A good old-fashioned Irish butt-kicking

Say what you will about Cdl. George Pell of Sydney, he's not a man to mince words. At the annual Catholic Voice dinner in Cork, Ireland on July 29, His Eminence gave a speech that opened with a direct challenge to the faithful in the audience, with clear reference to the predator-priest scandals and anti-Catholic attacks besetting the Church in √Čire.

Here's the opening salvo (emphasis in bold mine):

I am not going to talk about the Church in Ireland but I am going to talk about what I am trying to do in Australia, as an archbishop, and you can draw your own conclusions on what might, or what might not, be adaptable to here in Ireland.
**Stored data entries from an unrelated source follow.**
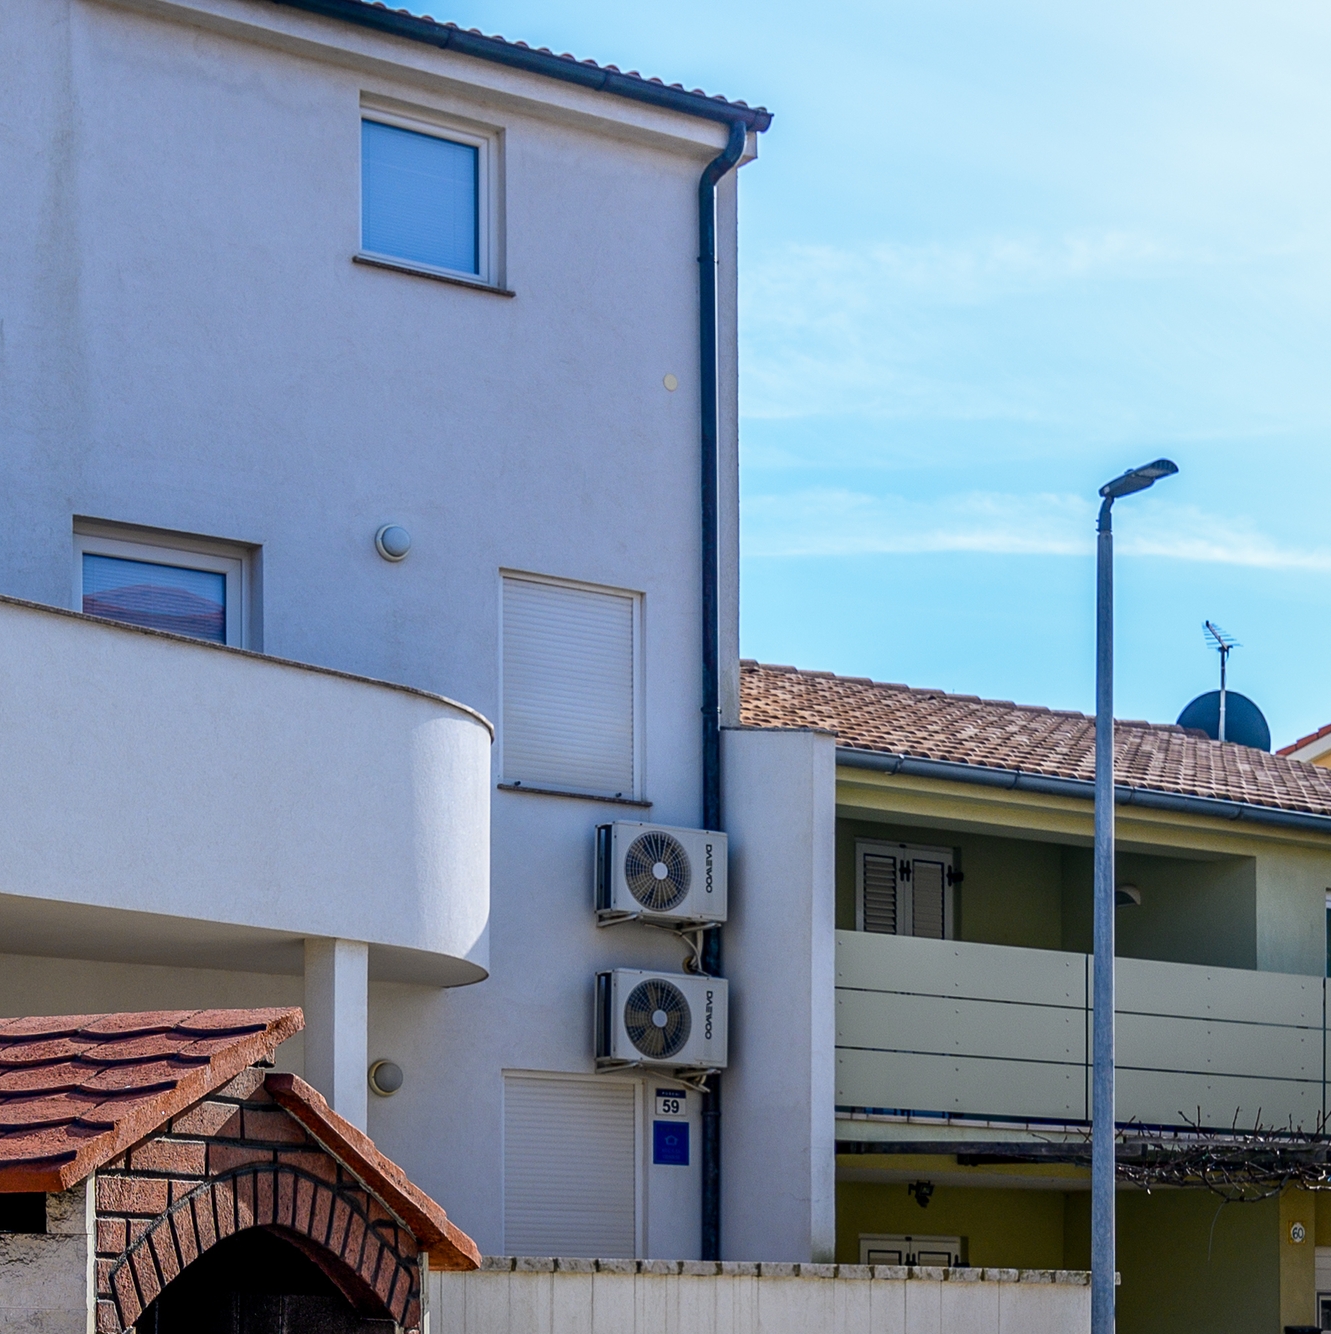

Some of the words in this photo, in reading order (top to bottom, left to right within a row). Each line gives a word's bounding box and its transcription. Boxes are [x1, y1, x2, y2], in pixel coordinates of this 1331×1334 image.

[705, 844, 713, 893] DAEWOO
[705, 990, 713, 1040] DAEWOO
[662, 1099, 680, 1113] 59
[1292, 1226, 1304, 1239] 60
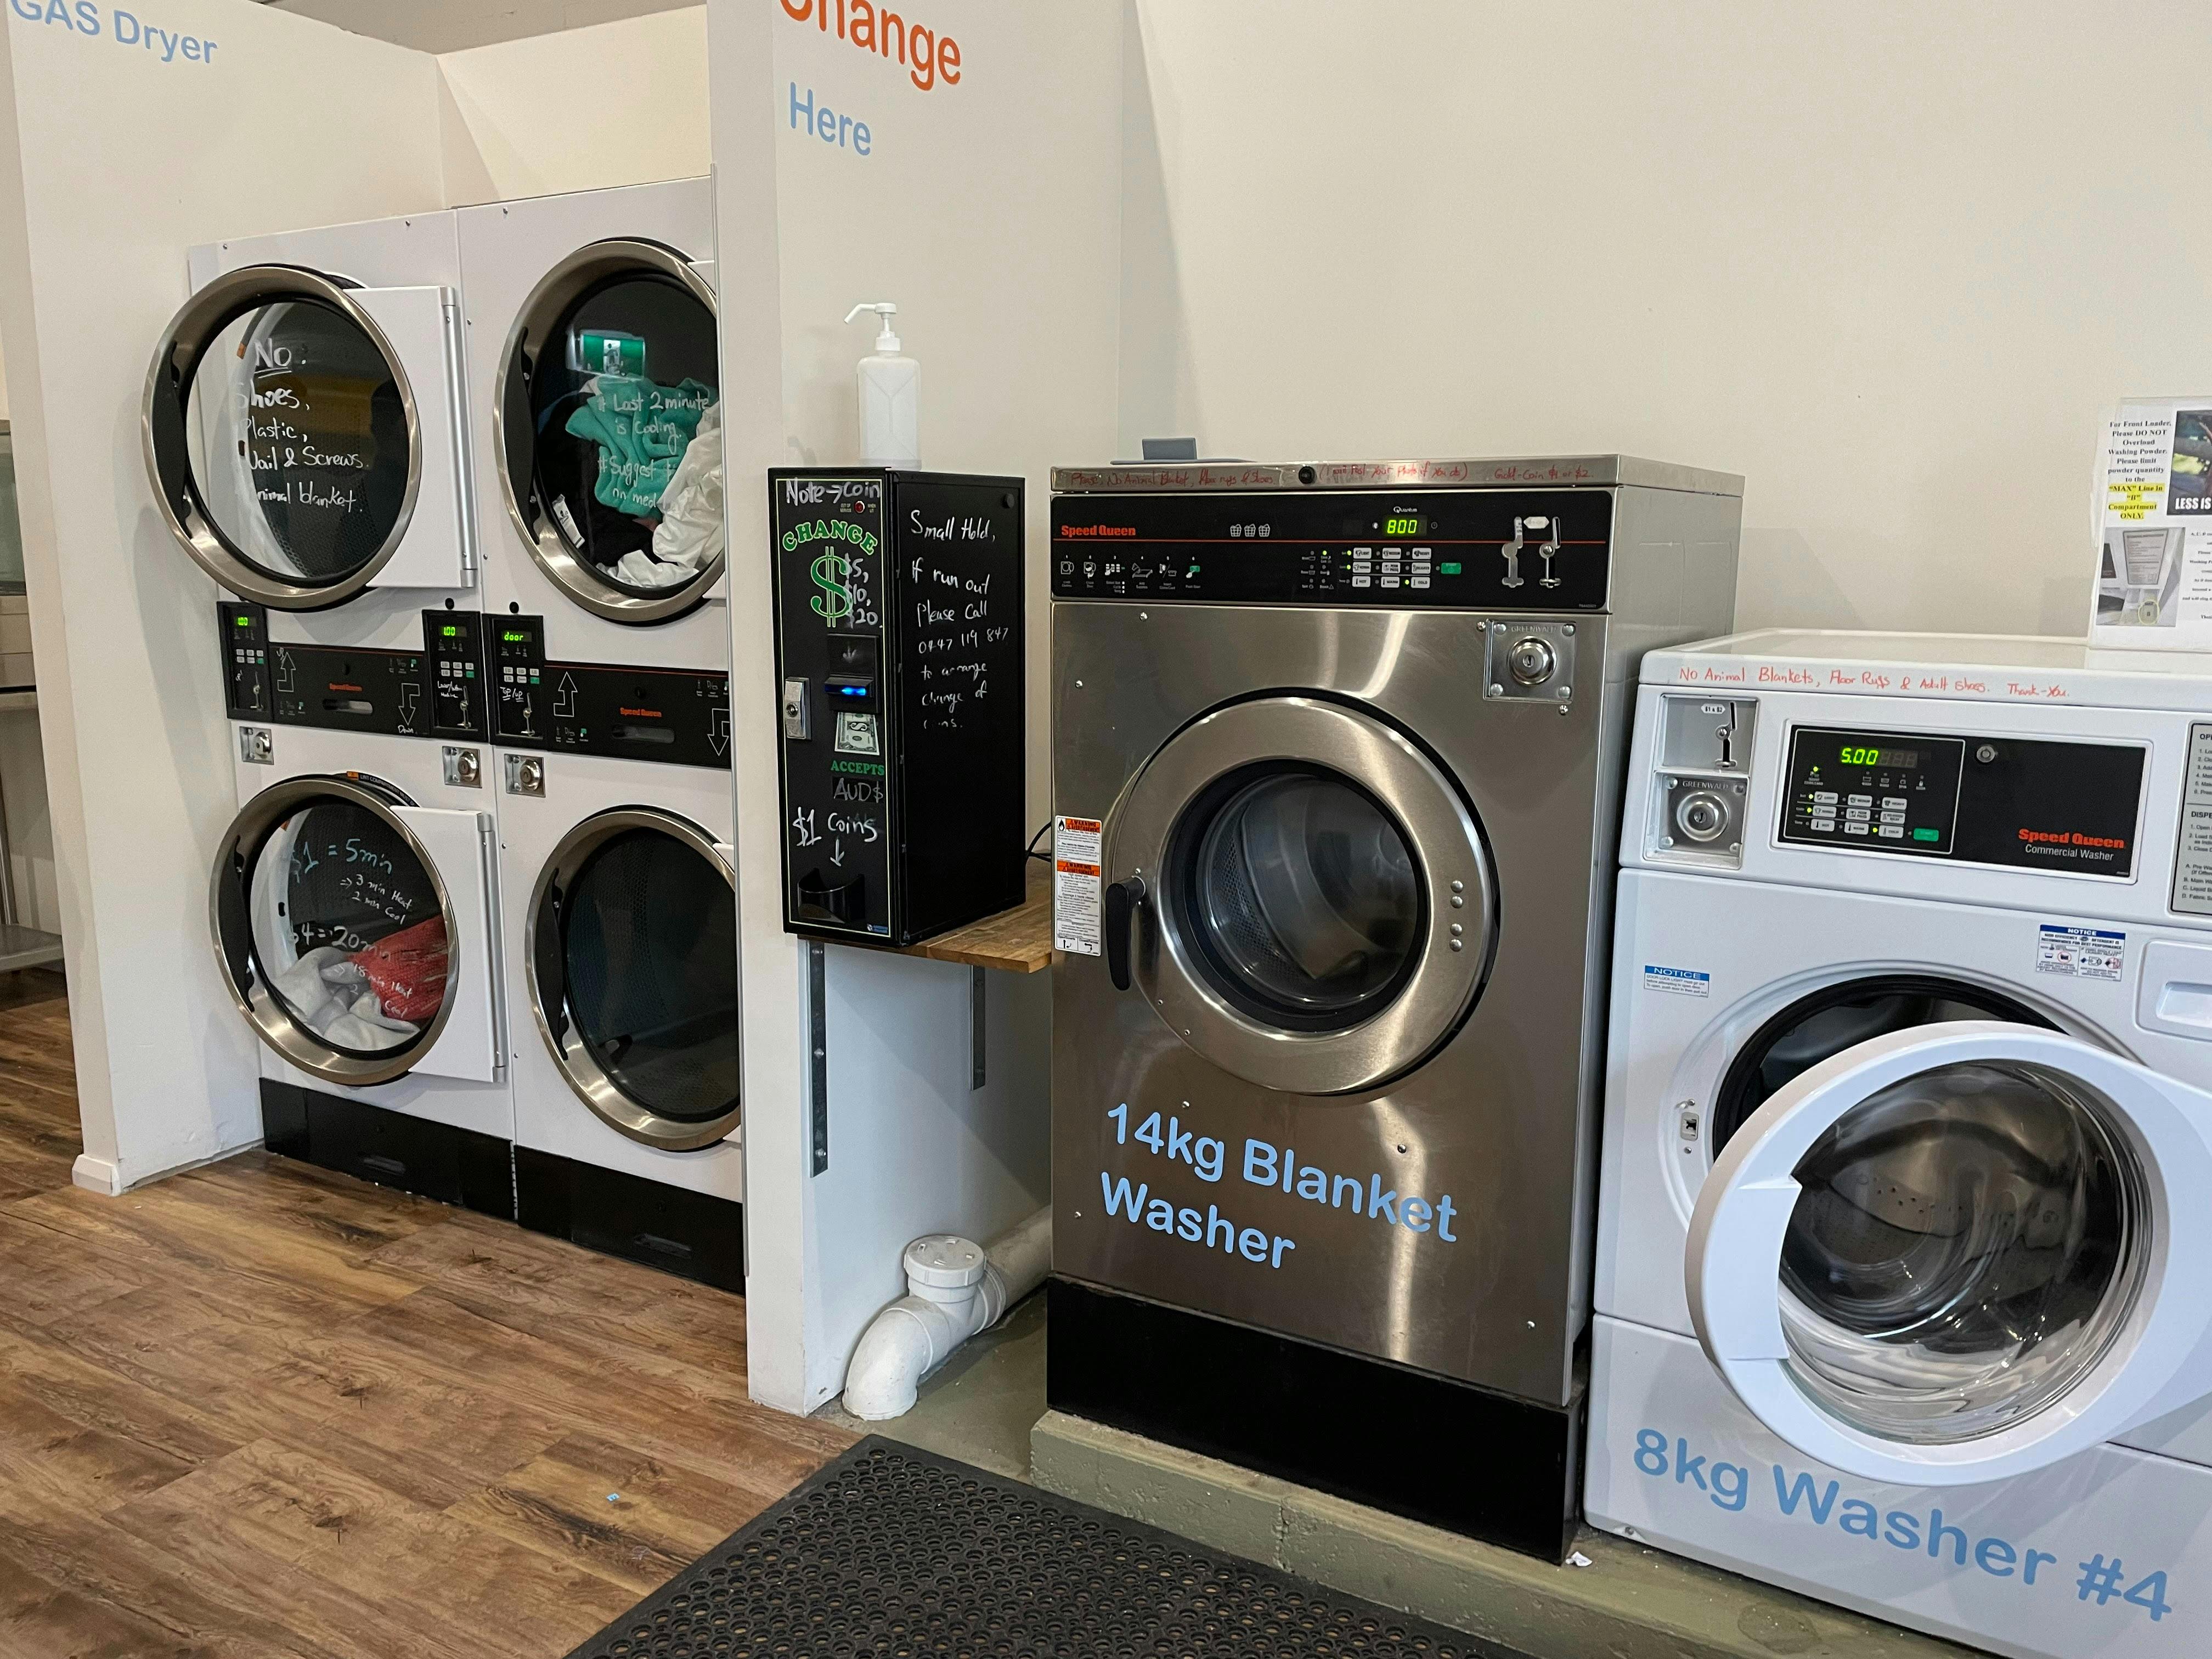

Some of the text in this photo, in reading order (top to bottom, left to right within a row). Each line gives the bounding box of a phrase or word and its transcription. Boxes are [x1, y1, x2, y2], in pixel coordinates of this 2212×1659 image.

[10, 0, 218, 63] GAS Dryer
[790, 81, 871, 156] Here
[613, 390, 710, 412] Last 2 minute
[785, 476, 881, 506] Note Coin
[1107, 472, 1122, 487] No
[256, 482, 291, 504] nimal
[2175, 497, 2211, 510] LESS IS
[910, 509, 955, 540] Small
[1061, 524, 1136, 538] Speed Queen
[1387, 520, 1418, 534] 800
[782, 520, 878, 555] CHANGE
[933, 569, 959, 589] run
[966, 573, 990, 595] out
[917, 599, 988, 628] Please Call
[504, 631, 524, 641] door
[961, 629, 978, 648] 119
[986, 627, 1009, 642] 847
[1679, 667, 1698, 681] No
[1705, 667, 1746, 682] Animal
[1758, 666, 1821, 687] Blankets,
[1900, 676, 1910, 691] &
[1920, 676, 1949, 691] Adult
[830, 759, 885, 776] ACCEPTS
[1841, 747, 1878, 765] 5.00
[792, 806, 878, 847] $1 Coins
[2018, 828, 2125, 849] Speed Queen
[2025, 844, 2114, 862] Commercial Washer
[356, 873, 413, 910] 3 min Heat
[351, 890, 360, 901] 2
[385, 906, 407, 926] Cool
[1654, 967, 1701, 979] NOTICE
[1108, 1103, 1457, 1242] 14kg Blanket
[1101, 1171, 1295, 1268] Washer
[1634, 1428, 2172, 1623] 8kg Washer #4
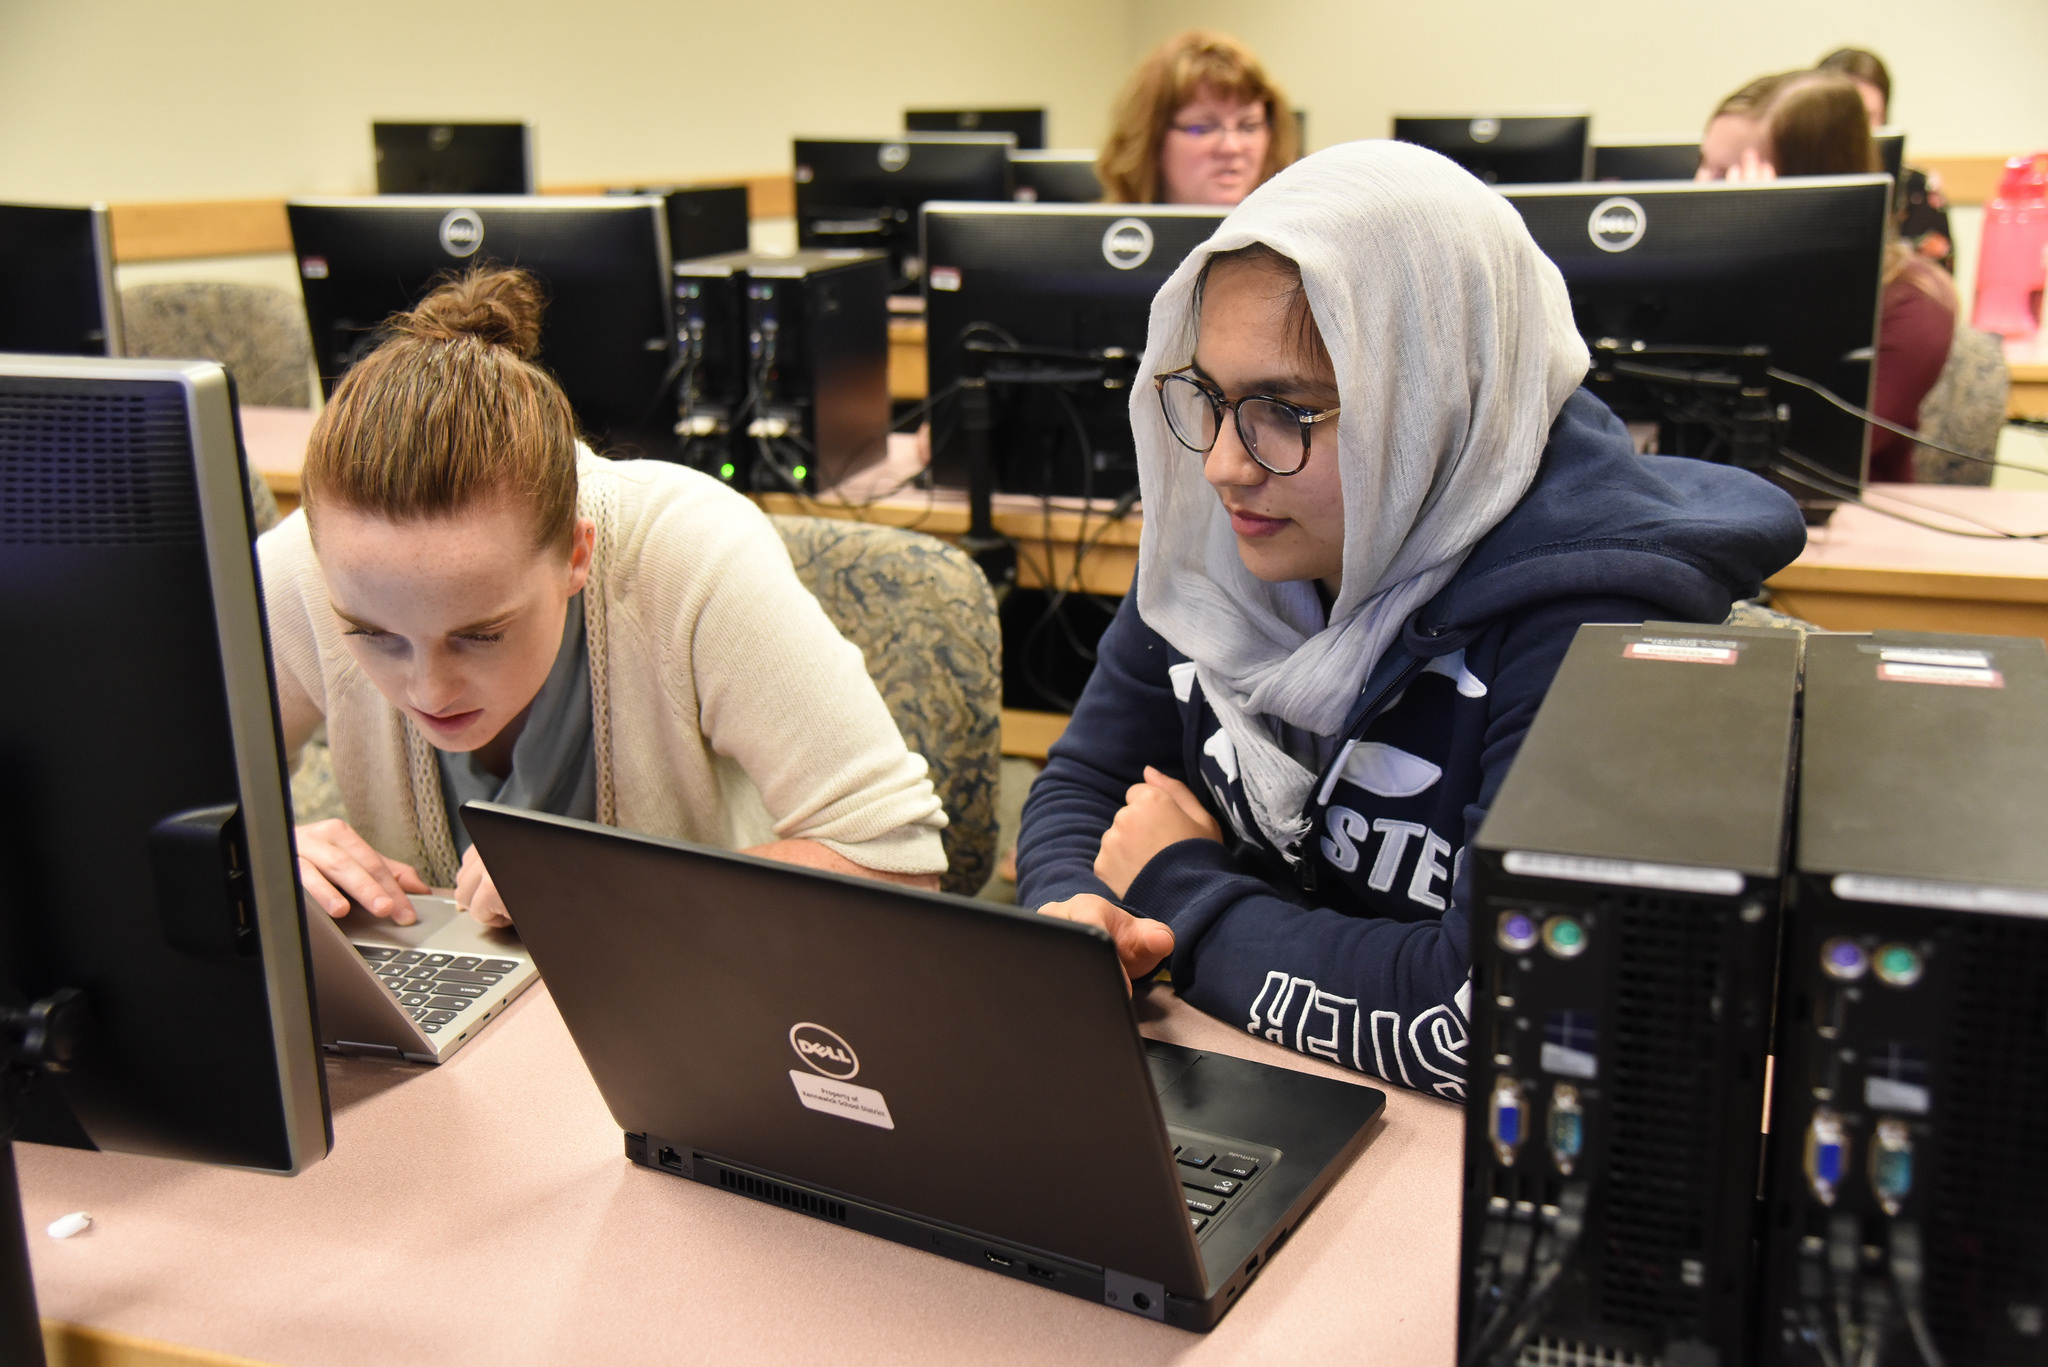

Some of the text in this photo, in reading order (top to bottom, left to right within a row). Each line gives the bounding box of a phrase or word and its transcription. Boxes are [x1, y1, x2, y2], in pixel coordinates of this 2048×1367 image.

Despite my English Protestant name (and I am proud of my English heritage) I have plenty of Irish blood, most of it Catholic, and so I think that entitles me to make the first point, and that is that we Irish Australians, and I suspect the Irish, enjoy bad news. It’s like the Englishman whose face will light up when he says, ‘Isn’t the weather terrible?’ This, then, is my question: has all the good Irish blood gone overseas into the colonies? [Wow! That's a slap in the face!] The Irish that I grew up with were fighters: they were people who had convictions and went and battled for them. Has the spirit of Dr. Daniel Mannix — one of the greatest exports of Cork — has his spirit vanished forever from this land? Are you going to sit on your tails and let 1000 years of tradition and faith just slip away? [And he follows the right hook with a left uppercut!] People are saying to me the same things they were saying to me back in 1998; we need this, we need that, nobody is doing anything — well, if nobody else is doing anything then you have to get it started yourself and if help comes, as it might or might not, at least you’re doing things. I realise that your presence here tonight is evidence of your desire and determination to do something BUT things are slipping and, from what I hear, you know you are slipping; so if others won’t act then do something yourselves.

Now, where I come from, it takes some ... er, intestinal fortitude to walk into a hall full of ostensibly friendly people and tell them, "Quit your bitching, get off your whiny butts and do something about it!" And, to be fair, the good prelate did tell his audience about some of the initiatives he'd taken to get the Church in Aus back on the path to orthodoxy. But still ... pardon my French, but DA-AAA-AMN! That's some cojones, mate! And that puts you on the list for the 2011 Ecclesial Backbone Award!